In recent years, several algorithms were proposed to monitor a surgery through the automatic analysis of endoscope or microscope videos. This paper aims at improving existing solutions for the automated analysis of cataract surgeries, the most common ophthalmic surgery, which are performed under a microscope. Through the analysis of a video recording the surgical tray, it is possible to know which tools are put on or taken from the surgical tray, and therefore which ones are likely being used by the surgeon. Combining these observations with observations from the microscope video should enhance the overall performance of the system. Our contribution is twofold: first, datasets of artificial surgery videos are generated in order to train the convolutional neural networks (CNN) and, second, two classification methods are evaluated to detect the presence of tools in videos. Also, we assess the impact of the manner of building the artificial datasets on the tool recognition performance. By design, the proposed artificial datasets highly reduce the need for fully annotated real datasets and should also produce better performance. Experiments show that one of the proposed classification methods was able to detect most of the targeted tools well.

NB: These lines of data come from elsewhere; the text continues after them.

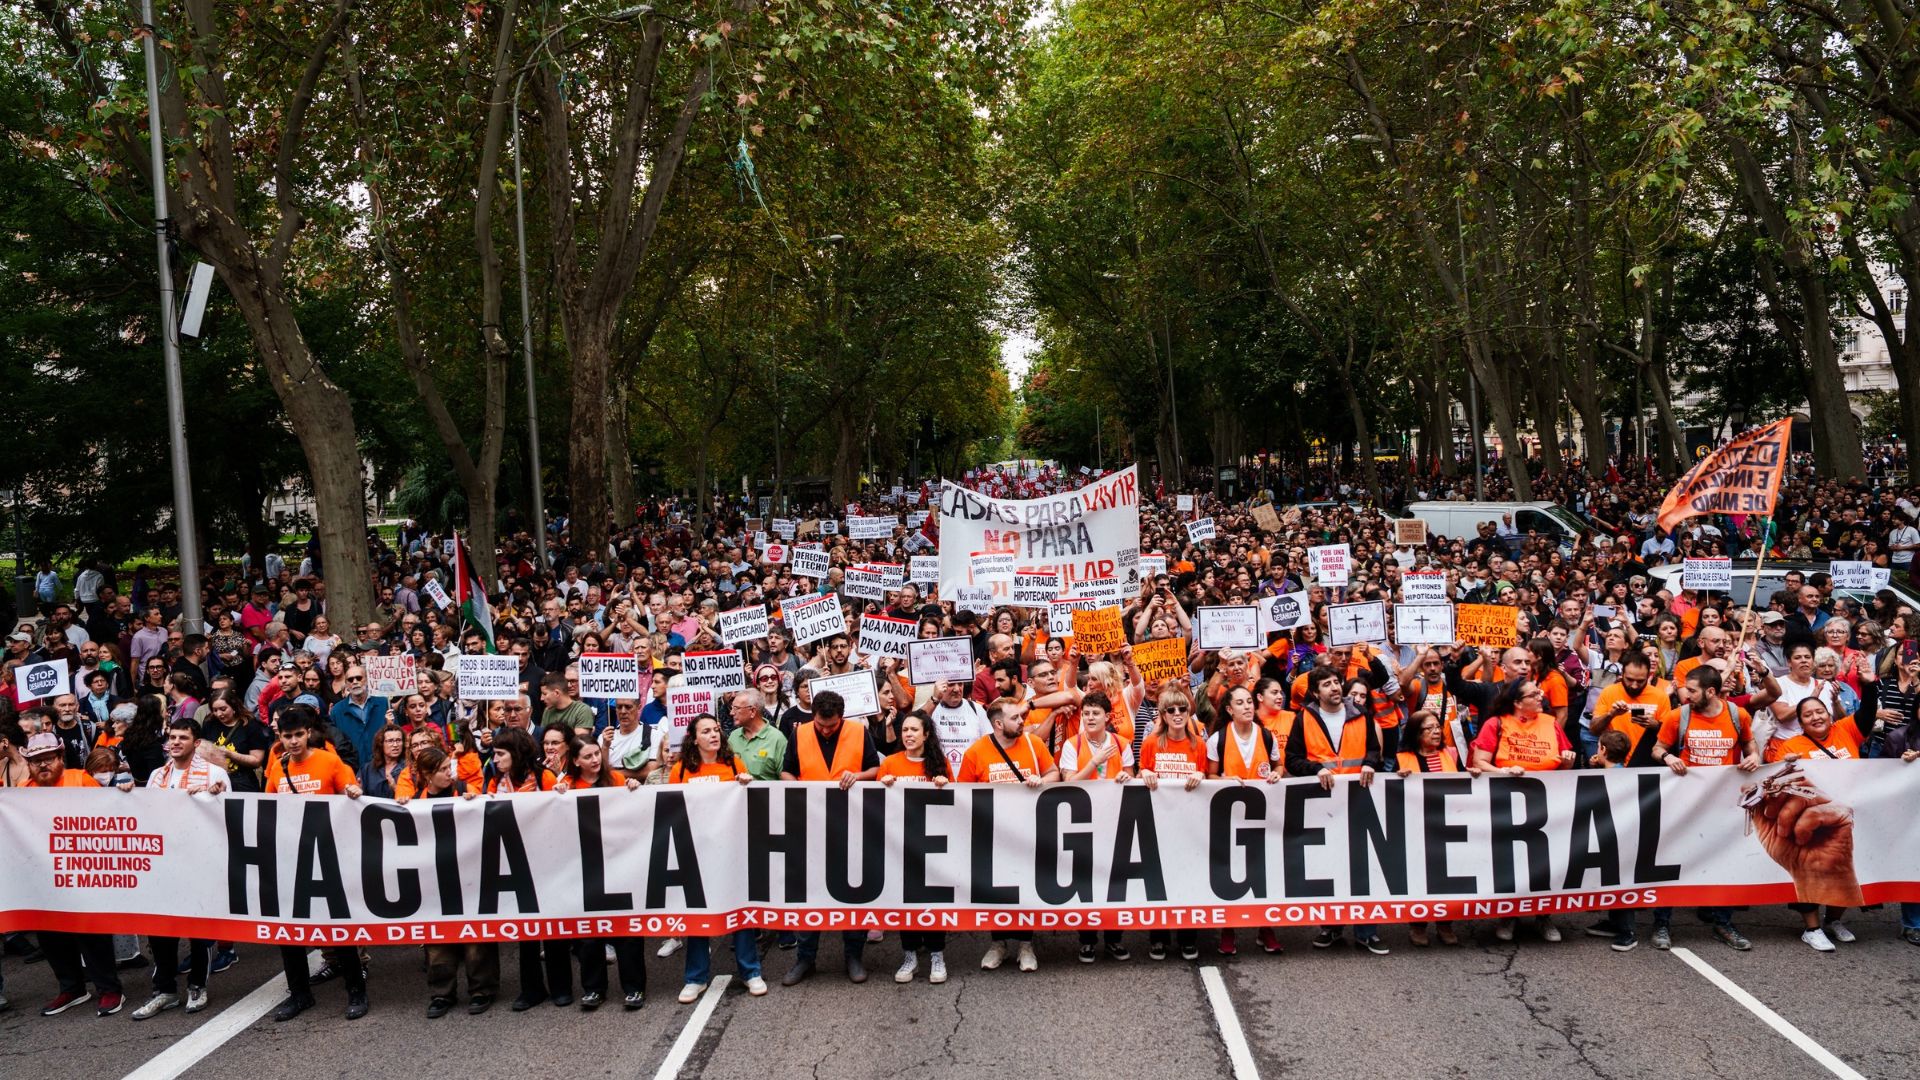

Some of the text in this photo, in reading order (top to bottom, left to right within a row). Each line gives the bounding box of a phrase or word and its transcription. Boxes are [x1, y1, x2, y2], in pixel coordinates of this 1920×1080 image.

[941, 484, 1020, 526] CASAS
[1025, 496, 1083, 529] PARA
[983, 521, 1094, 560] NO PARA
[795, 550, 828, 564] DERECHO
[793, 560, 827, 572] A TECHO
[883, 566, 903, 576] FRAUDE
[846, 571, 855, 581] NO
[861, 573, 883, 584] FRAUDE
[1014, 576, 1059, 587] NO al FRAUDE
[1091, 578, 1118, 587] VENDEN
[956, 587, 992, 601] Nos multan
[1013, 591, 1058, 601] HIPOTECARIO!
[1079, 588, 1116, 598] PRISIONES
[793, 598, 836, 626] ¡PEDIMOS
[1050, 601, 1097, 618] ¡PEDIMOS
[1272, 602, 1298, 614] STOP
[721, 607, 766, 627] NO al FRAUDE
[1273, 610, 1301, 622] DESAHUCIOS
[1459, 615, 1483, 625] VUELVE
[724, 622, 768, 640] HIPOTECARIO!
[794, 628, 808, 641] LO
[809, 615, 844, 637] JUSTO!
[861, 618, 916, 638] ACAMPADA
[1050, 621, 1063, 633] LO
[1458, 623, 1509, 636] ESTAS CASAS
[1073, 630, 1119, 643] SEREMOS TU
[1459, 633, 1515, 647] SON NUESTRAS
[860, 636, 881, 652] PRO
[883, 640, 907, 655] CAS
[480, 659, 489, 671] SU
[489, 659, 518, 671] BURBUJA
[581, 658, 636, 673] NO al FRAUDE
[684, 654, 742, 672] NO al FRAUDE
[28, 669, 55, 683] STOP
[368, 667, 415, 680] HAY QUIEN
[28, 678, 57, 691] DESAHUCIOS
[481, 675, 492, 687] QUE
[581, 678, 637, 693] HIPOTECARIO!
[671, 691, 712, 704] POR UNA
[675, 703, 709, 715] HUELGA
[1688, 729, 1722, 738] SINDICATO
[1689, 738, 1734, 748] DE INQUILINAS
[1154, 752, 1188, 761] SINDICATO
[990, 773, 998, 781] DE
[53, 816, 138, 831] SINDICATO
[53, 836, 161, 853] DE INQUILINAS
[224, 773, 1682, 920] HACIA LA HUELGA GENERAL
[53, 856, 152, 872] E INQUILINOS
[54, 873, 138, 888] DE MADRID
[256, 888, 1658, 943] BAJADA DEL ALQUILER 50% EXPROPIACIÓN FONDOS BUITRE CONTRATOS INDEFINIDOS

近年来,人们提出了几种算法,通过对内窥镜或显微镜视频进行自动分析来监测手术过程。本文旨在改进现有的用于白内障手术自动分析的解决方案,白内障手术是最常见的眼科手术,在显微镜下进行。通过分析记录手术托盘的视频,可以知道哪些工具放在手术托盘上或从手术托盘上拿走,从而知道外科医生可能正在使用哪些工具。将这些观察结果与显微镜视频的观察结果相结合,应该可以提高系统的整体性能。我们的贡献有两个方面:第一,生成人工手术视频数据集以训练卷积神经网络(CNN);第二,评估两种分类方法以检测视频中工具的存在。此外,我们评估了构建人工数据集的方式对工具识别性能的影响。通过设计,所提出的人工数据集极大地减少了对完全注释的真实数据集的需求,并且应该也能产生更好的性能。实验表明,所提出的分类方法之一能够很好地检测出大多数目标工具。